Uma avalanche noticiosa que pode desnortear o repórter pela vaguidão, pela irrelevância, pela amplitude de um mundo onde tudo é notícia, tudo é noticiado, tudo é testemunhado e nada pode ser desprezado. A mídia impressa, premida pela concorrência, comprime prazos, corta custos, elimina espaços, reduz equipes e privilegia a informação mais curta, mais rápida, mais digerível. O espetáculo midiático concorre com o jornalismo, o supérfluo invade colunas, comentários, blogs e páginas editoriais em detrimento de temas de conteúdo mais sério.

Ontem, domingo, uma chamada num dos portais mais importantes do país destacava esta transcendental notícia: “Mulher acaba presa após dar mordida no lábio do namorado”.

A facilidade e a rapidez injetam comodismo e preguiça no repórter destes novos tempos. Cada vez menos gente se atreve a abandonar o ambiente refrigerado das redações cibernéticas mais avançadas. O contato direto e pessoal do repórter com a fonte é mediado, em nome da eficiência e do relógio, pelos recursos tecnológicos de praxe – celular, e-mail, videocâmara, laptop. Todos se conectam, se comunicam e se informam via tecnologia multimídia.

Um mês atrás, o escritor Gay Talese, que brindou o jornalismo com exemplos admiráveis de textos de fôlego e excelência, concedeu uma bela entrevista a Fernando de Oliveira, repórter de um pequeno jornal gaúcho, o Diário Regional, de Santa Cruz do Sul.

A oportuna reflexão de Gay Talese: “Um bom trabalho não é rápido, nem fácil. Ele demora um longo tempo, mas também dura um longo tempo. Muito do jornalismo de hoje é feito a partir de um laptop, de jornalistas falando de outros jornalistas.
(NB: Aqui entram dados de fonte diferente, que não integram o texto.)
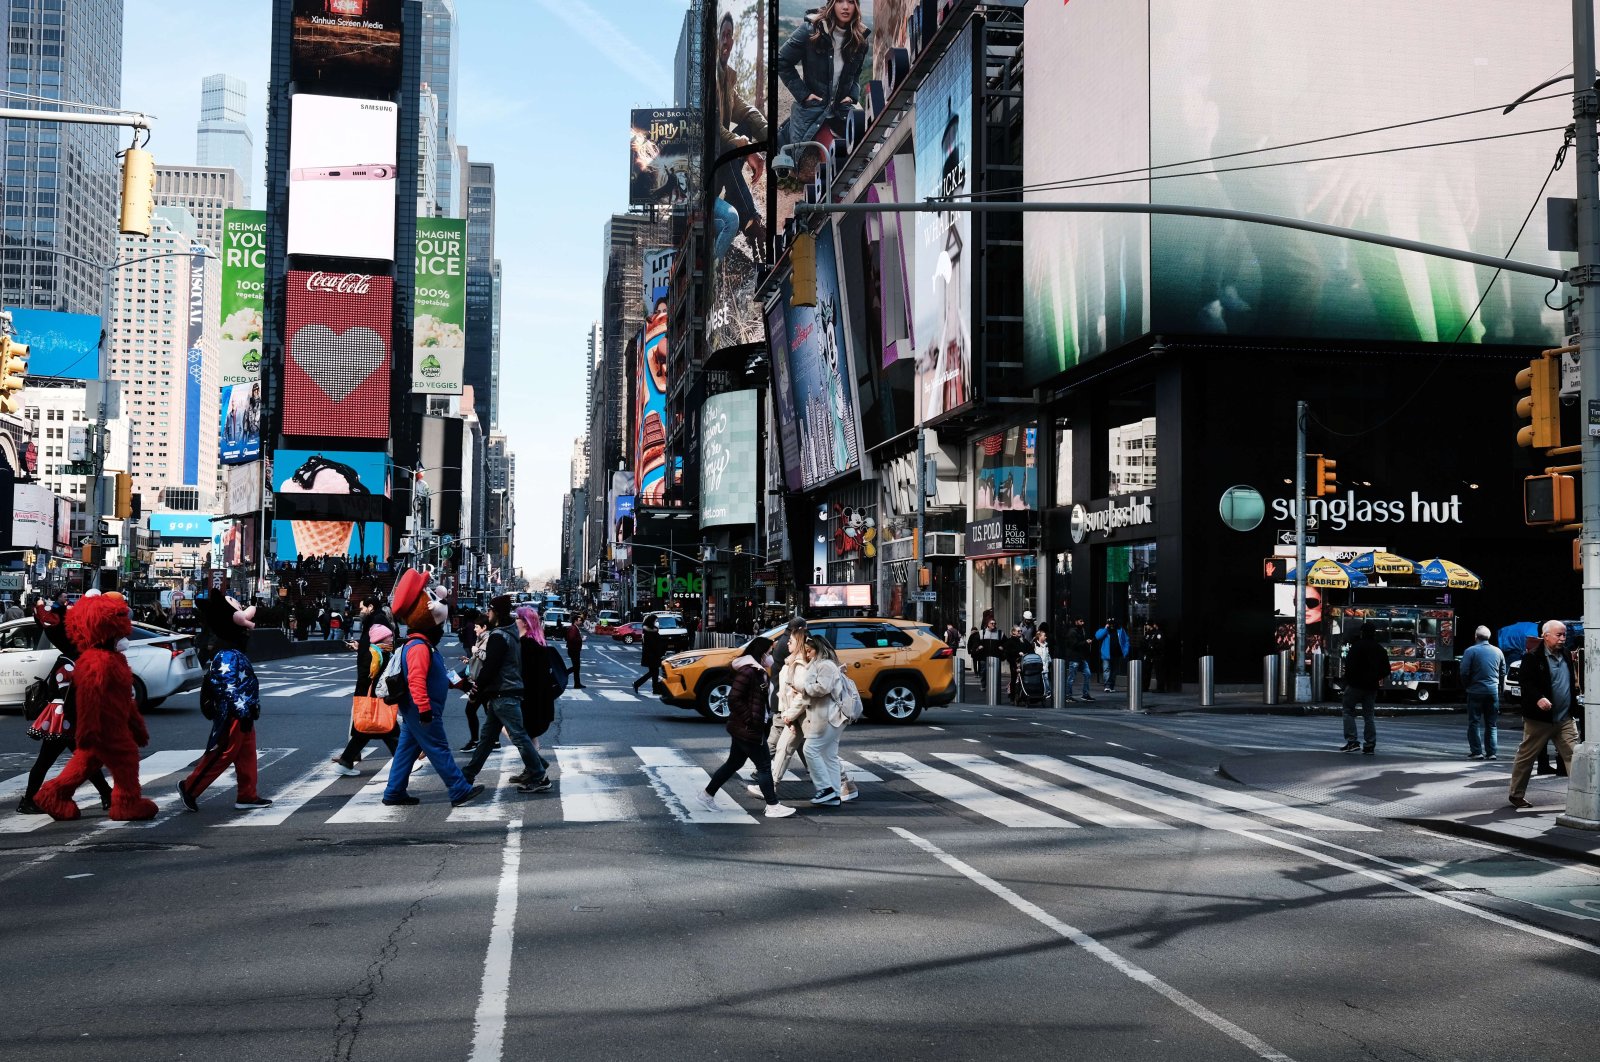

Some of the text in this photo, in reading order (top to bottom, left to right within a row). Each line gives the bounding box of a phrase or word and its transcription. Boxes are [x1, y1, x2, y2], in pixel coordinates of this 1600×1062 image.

[311, 16, 384, 29] Xinhua Screen Media
[360, 104, 393, 112] SAMSUNG
[649, 122, 678, 141] Harry
[306, 271, 373, 294] Coca-Cola
[414, 287, 450, 299] 100%
[66, 466, 73, 474] W
[77, 466, 85, 474] 45
[1411, 491, 1463, 523] hut
[1085, 496, 1153, 537] sunglass hut
[972, 522, 1000, 542] U.S. POLO
[0, 579, 18, 587] SKI
[1309, 577, 1347, 586] SABRETT
[1450, 579, 1478, 588] SABRETT
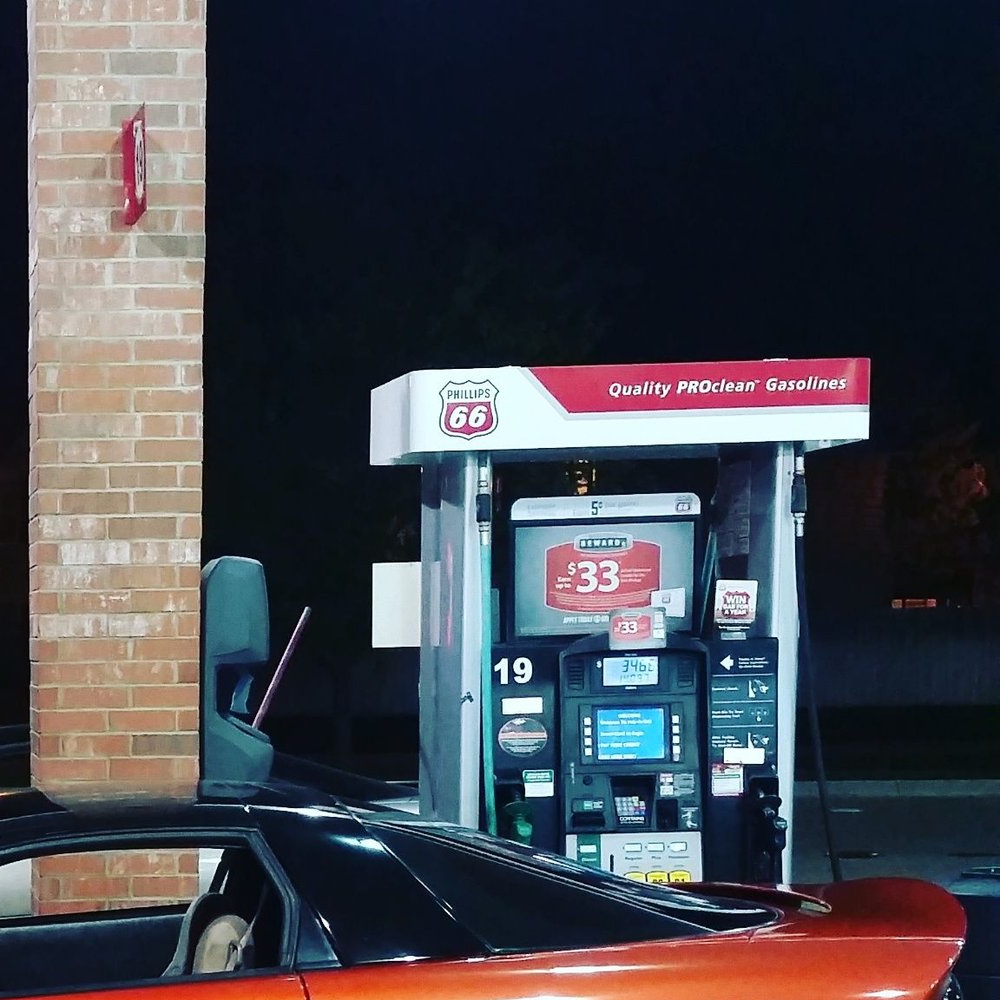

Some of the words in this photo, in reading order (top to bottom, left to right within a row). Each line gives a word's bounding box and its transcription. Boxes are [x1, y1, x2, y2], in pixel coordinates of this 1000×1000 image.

[447, 388, 491, 399] PHILLIPS
[608, 382, 671, 398] Quality
[765, 376, 847, 392] Gasolines
[449, 404, 489, 429] 66
[726, 595, 746, 604] WIN
[494, 657, 533, 684] 19
Eles procuram informações a partir da internet. Eles não falam com muitas pessoas…”

Talese diz que o jornalismo tem se tornado muito previsível: “Nada é profundo, pensado ou divagado. O jornalismo está se tornando preguiçoso, porque os jornalistas não querem se mexer. Estão perdendo todo o contexto da vida. Querem fazer tudo rápido, de maneira eficiente, sem perder nenhum tempo”.

O mestre do new journalism ensina: “Às vezes você aprende com o silêncio, com os momentos de indecisão. Mas você não vai conseguir isso utilizando o Google, um telefone celular, um gravador. Tem que sair na rua e cultivar uma relação, gastar tempo com ela”. Gay Talese chama isso the art of hanging out, ou seja, “a arte de sair por aí”. Ricardo Kotscho, o grande repórter, traduz tudo isso como “gastar a sola do sapato”.

No jornalismo da Internet, tudo é rápido, inodoro, insípido, frio. Os contatos são rápidos e telegráficos como os textos produzidos aos borbotões, sobre tudo e todos, nos portais, blogs e sites. Produções sem esmero de texto, sem revisão, sem muita reflexão. O velho ‘furo’ é medido em minutos, às vezes segundos.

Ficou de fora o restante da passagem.